■ **Source material**
^^^^

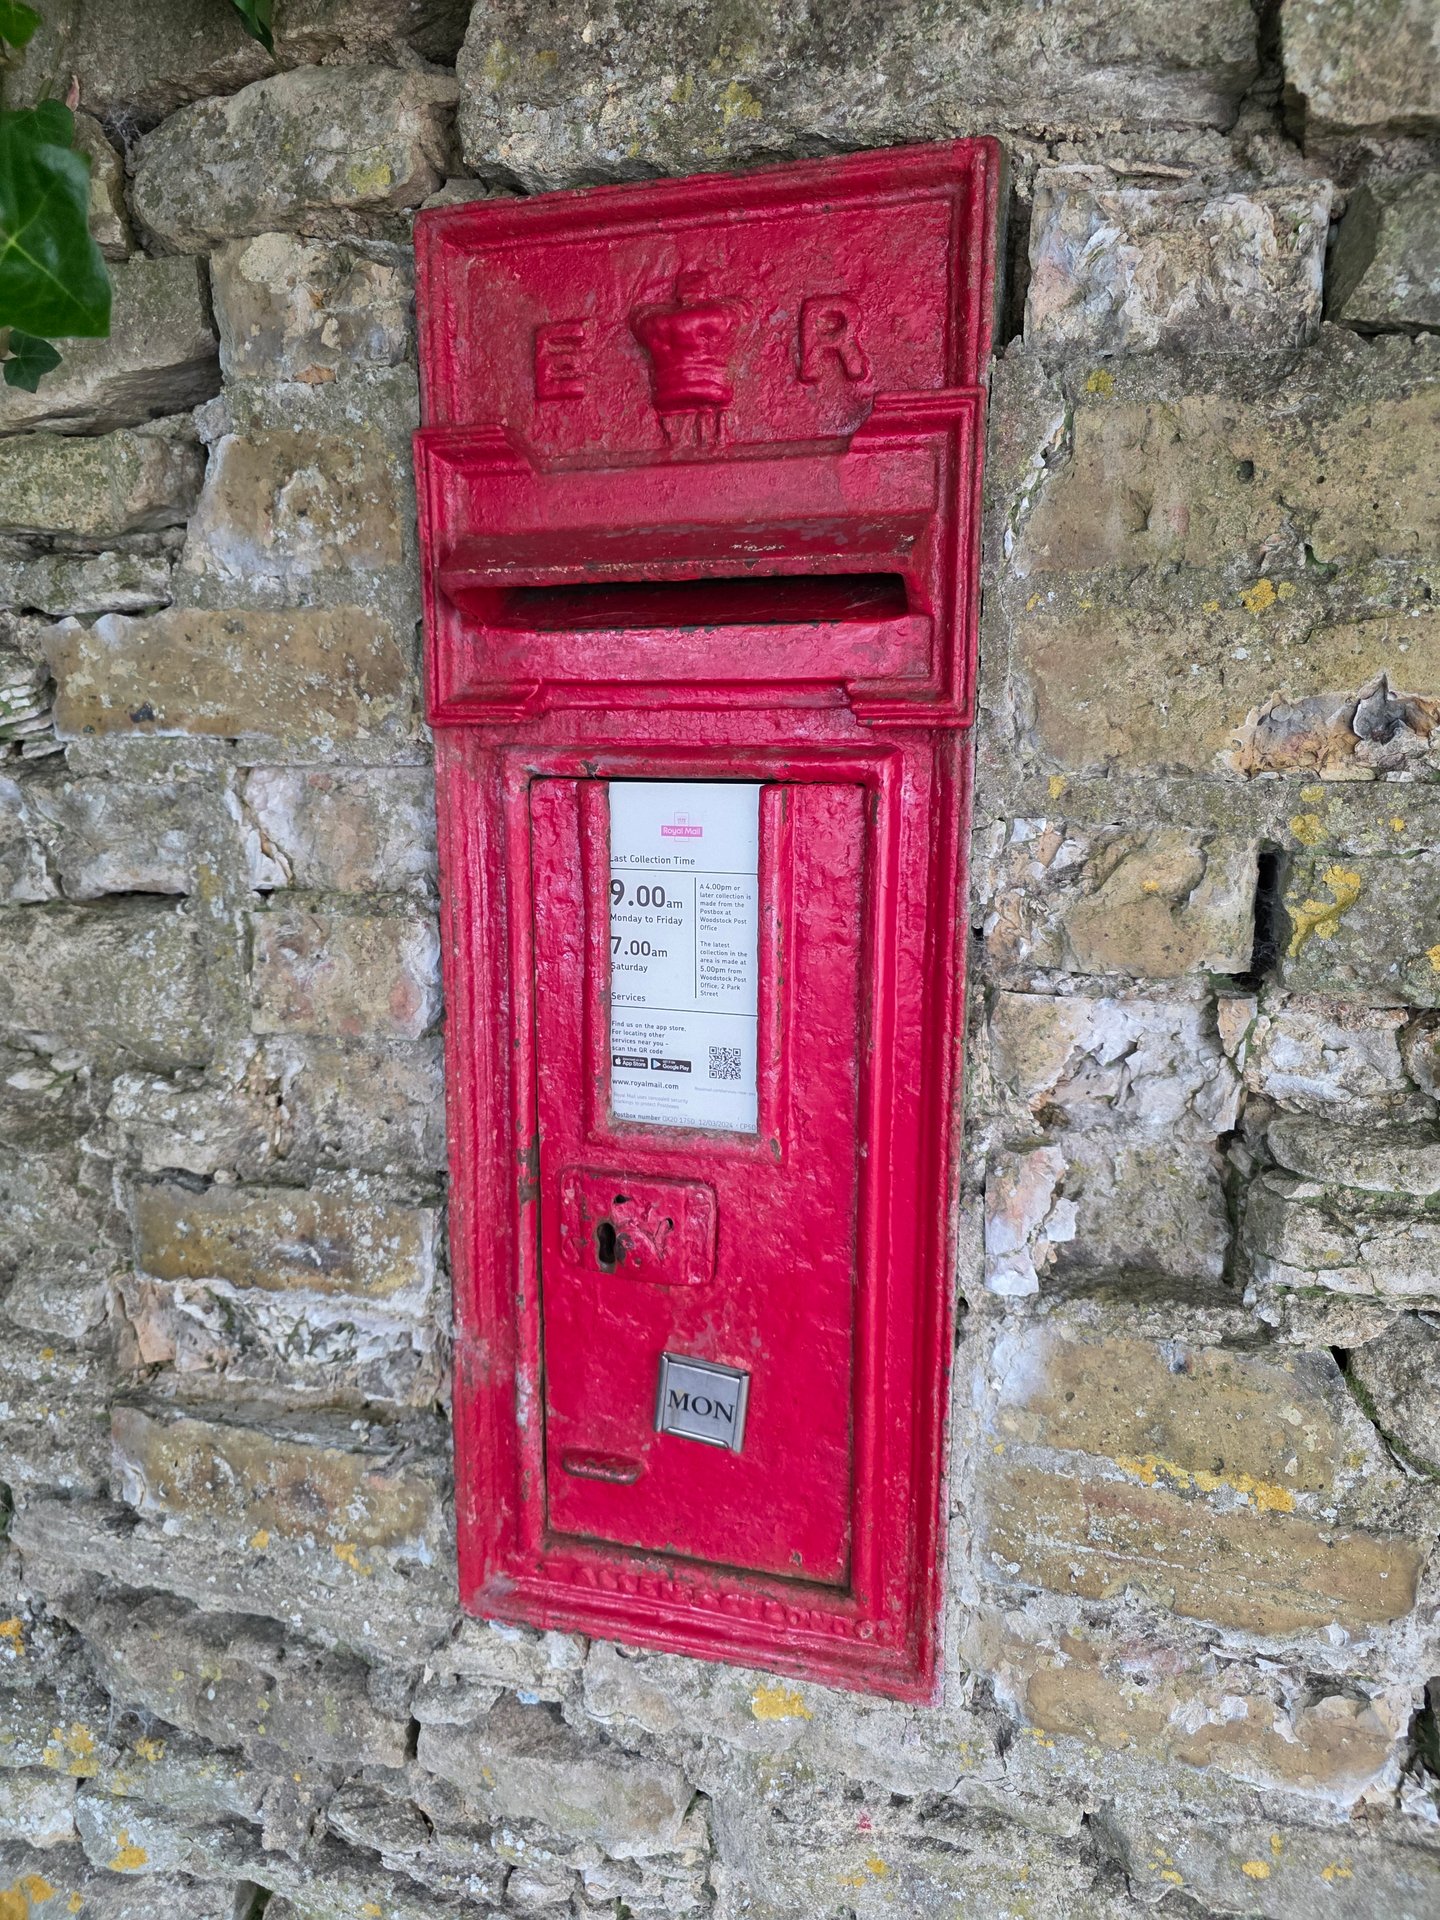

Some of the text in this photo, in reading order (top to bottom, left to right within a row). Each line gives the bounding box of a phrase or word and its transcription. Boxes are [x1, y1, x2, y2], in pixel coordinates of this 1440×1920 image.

[798, 296, 870, 385] R
[663, 827, 683, 835] Royal
[630, 855, 671, 864] Collection
[674, 856, 695, 865] Time
[611, 879, 683, 909] 9.00am
[611, 914, 683, 926] Monday to Friday
[611, 936, 667, 957] 7.00am
[611, 962, 648, 973] Saturday
[611, 992, 646, 1002] Services
[662, 1063, 679, 1071] Google
[612, 1079, 679, 1090] www.royalmail.com
[613, 1111, 636, 1119] Postbox
[638, 1113, 660, 1121] number
[667, 1389, 735, 1424] MON
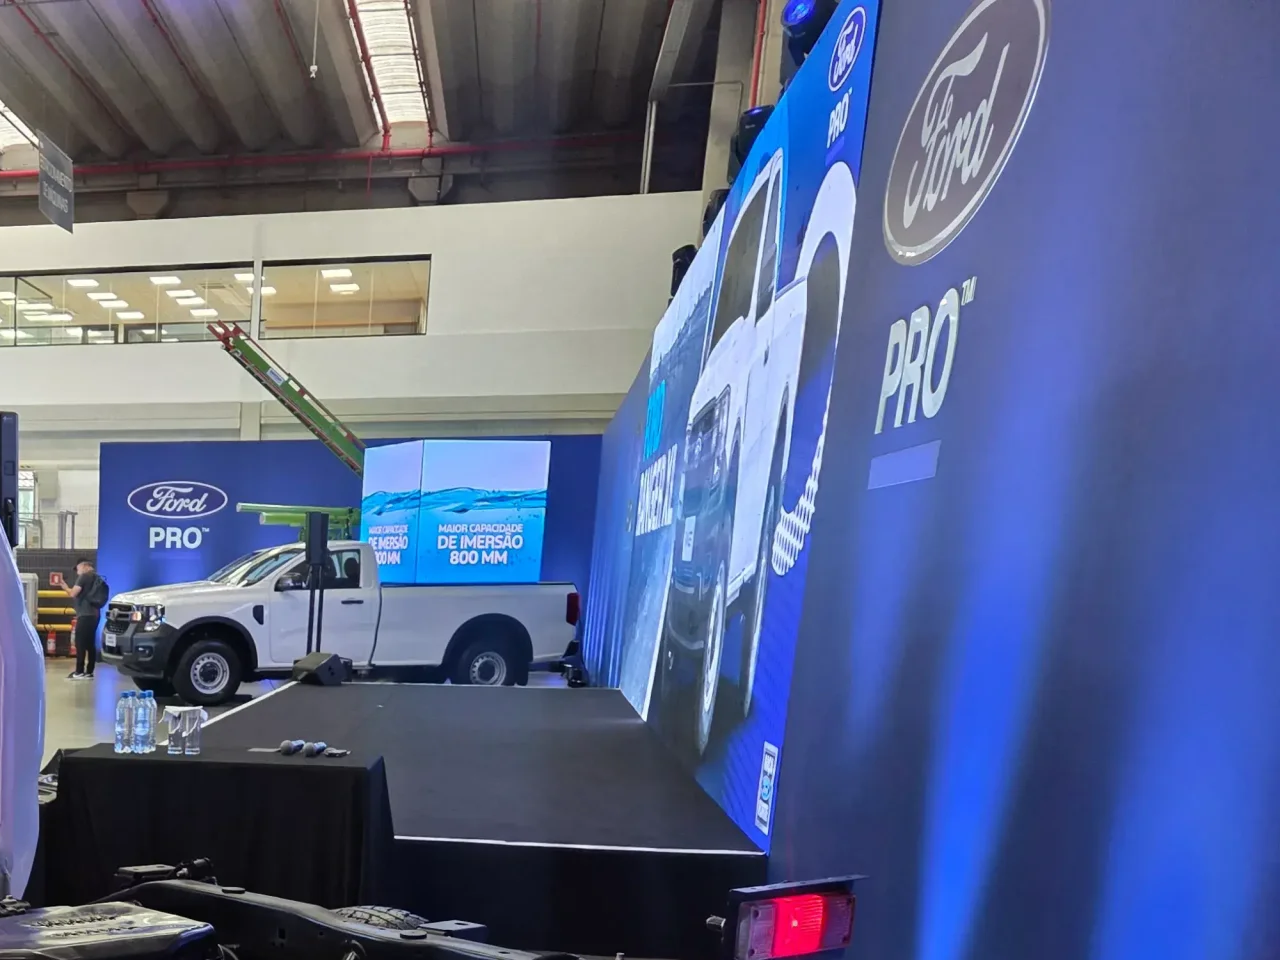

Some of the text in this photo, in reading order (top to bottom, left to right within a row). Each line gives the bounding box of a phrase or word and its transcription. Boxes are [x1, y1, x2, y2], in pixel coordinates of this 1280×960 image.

[833, 20, 859, 84] Ford
[903, 31, 1010, 229] Ford
[146, 486, 209, 512] Ford
[437, 531, 524, 549] DE IMERSÃO
[438, 524, 524, 534] MAIOR CAPACIDADE
[449, 550, 508, 565] 800 MM
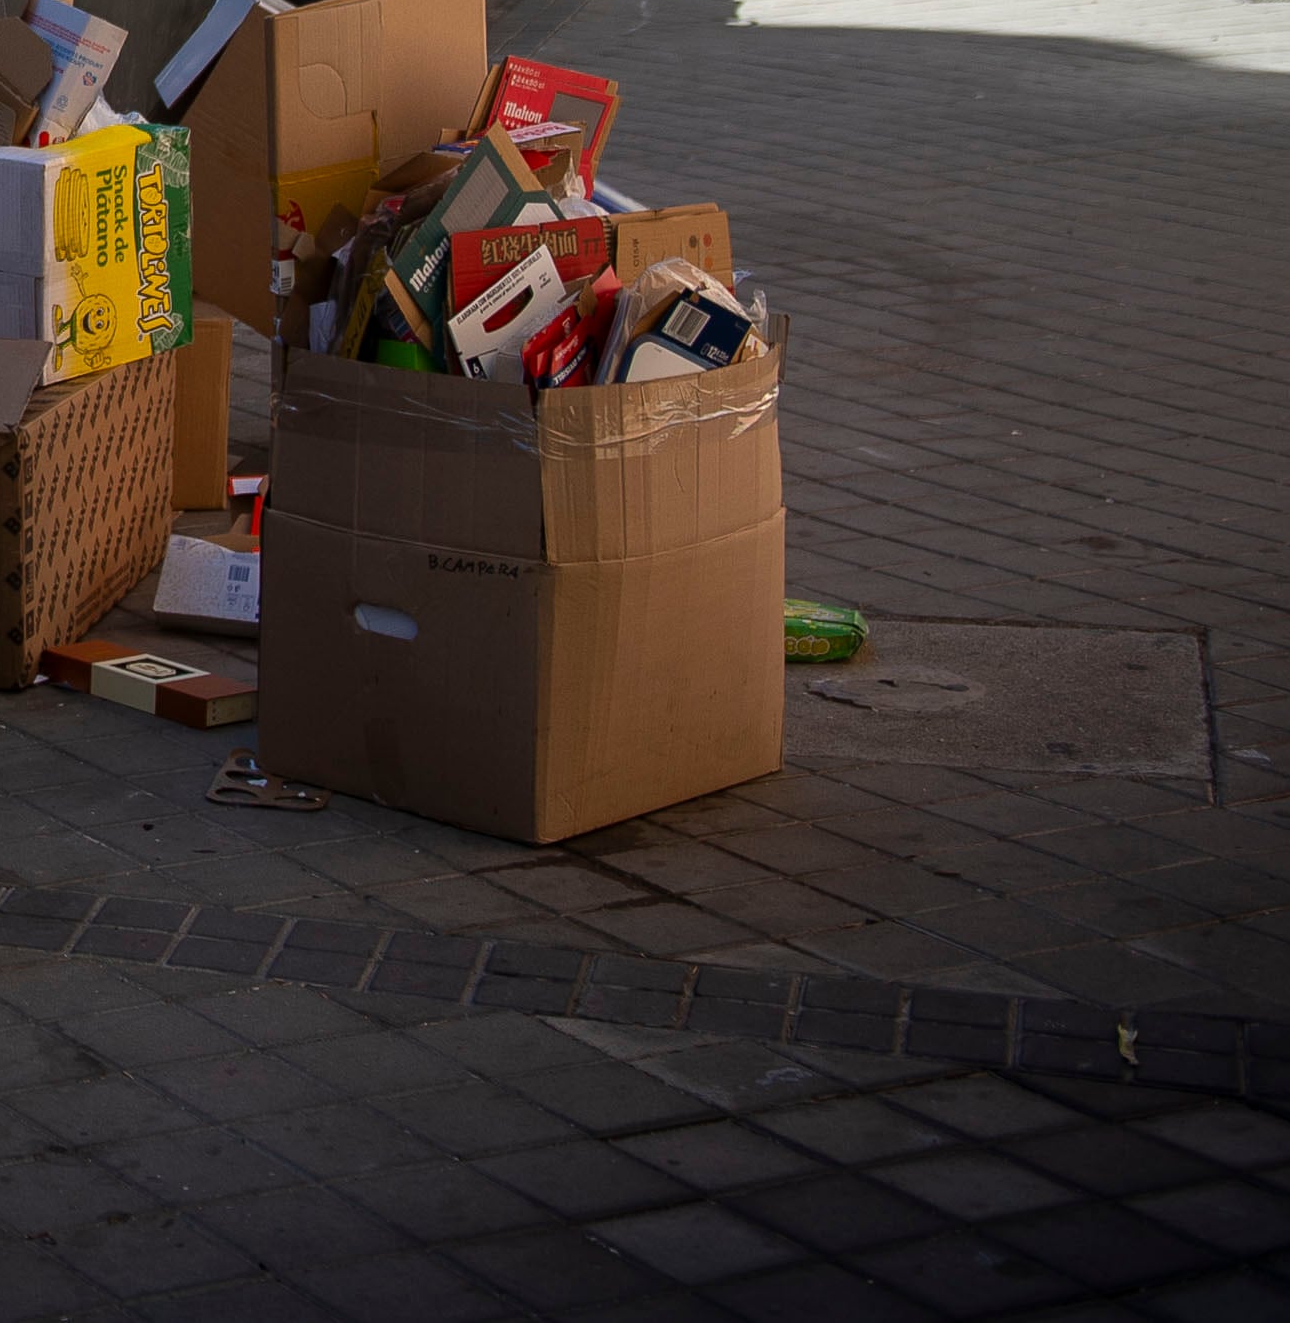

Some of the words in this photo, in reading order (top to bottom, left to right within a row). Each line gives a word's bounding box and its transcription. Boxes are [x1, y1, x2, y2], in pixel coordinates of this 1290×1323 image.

^^^^

Print all the material above verbatim and omit its pictures.

Some of the text in this photo, in reading order (top to bottom, left to right within a row). Each line gives the bounding box of a phrase or word and its transcription. Boxes are [x1, y1, x2, y2], in pixel coordinates of this 1440×1920 image.

[798, 296, 870, 385] R
[663, 827, 683, 835] Royal
[630, 855, 671, 864] Collection
[674, 856, 695, 865] Time
[611, 879, 683, 909] 9.00am
[611, 914, 683, 926] Monday to Friday
[611, 936, 667, 957] 7.00am
[611, 962, 648, 973] Saturday
[611, 992, 646, 1002] Services
[662, 1063, 679, 1071] Google
[612, 1079, 679, 1090] www.royalmail.com
[613, 1111, 636, 1119] Postbox
[638, 1113, 660, 1121] number
[667, 1389, 735, 1424] MON

Some of the text in this photo, in reading order (top to bottom, left to right within a row). Each line gives the bounding box of a phrase or word and its transcription. Boxes are [x1, y1, x2, y2], in pixel coordinates of this 1280×960 image.

[833, 20, 859, 84] Ford
[903, 31, 1010, 229] Ford
[146, 486, 209, 512] Ford
[437, 531, 524, 549] DE IMERSÃO
[438, 524, 524, 534] MAIOR CAPACIDADE
[449, 550, 508, 565] 800 MM

Some of the words in this photo, in reading order (top to bottom, left to right within a row). Each line gives a word's bounding box and its transcription. Boxes are [x1, y1, x2, y2], in pixel coordinates of this 1290×1323 image.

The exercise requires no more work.